--- Provided information ---
━━━━━━

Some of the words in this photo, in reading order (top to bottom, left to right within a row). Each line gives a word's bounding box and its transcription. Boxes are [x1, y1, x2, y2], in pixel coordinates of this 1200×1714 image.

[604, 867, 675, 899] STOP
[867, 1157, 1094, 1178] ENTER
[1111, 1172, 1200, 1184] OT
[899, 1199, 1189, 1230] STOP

━━━━━━

--- Exercise brief ---
All the lines of the material above must be given again exactly.

--- Solution to the exercise ---
Some of the words in this photo, in reading order (top to bottom, left to right within a row). Each line gives a word's bounding box and its transcription. Boxes are [x1, y1, x2, y2], in pixel coordinates of this 1200×1714 image.

[604, 867, 675, 899] STOP
[867, 1157, 1094, 1178] ENTER
[1111, 1172, 1200, 1184] OT
[899, 1199, 1189, 1230] STOP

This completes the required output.